BEGIN

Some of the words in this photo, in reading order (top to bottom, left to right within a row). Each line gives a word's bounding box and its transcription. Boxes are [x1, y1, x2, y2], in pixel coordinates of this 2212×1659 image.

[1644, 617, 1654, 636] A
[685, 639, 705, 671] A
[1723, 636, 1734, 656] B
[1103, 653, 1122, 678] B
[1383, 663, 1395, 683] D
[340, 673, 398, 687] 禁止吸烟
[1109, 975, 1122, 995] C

END

Return every record in full, word for word.

Some of the words in this photo, in reading order (top to bottom, left to right within a row). Each line gives a word's bounding box and its transcription. Boxes are [x1, y1, x2, y2], in pixel coordinates of this 2212×1659 image.

[1644, 617, 1654, 636] A
[685, 639, 705, 671] A
[1723, 636, 1734, 656] B
[1103, 653, 1122, 678] B
[1383, 663, 1395, 683] D
[340, 673, 398, 687] 禁止吸烟
[1109, 975, 1122, 995] C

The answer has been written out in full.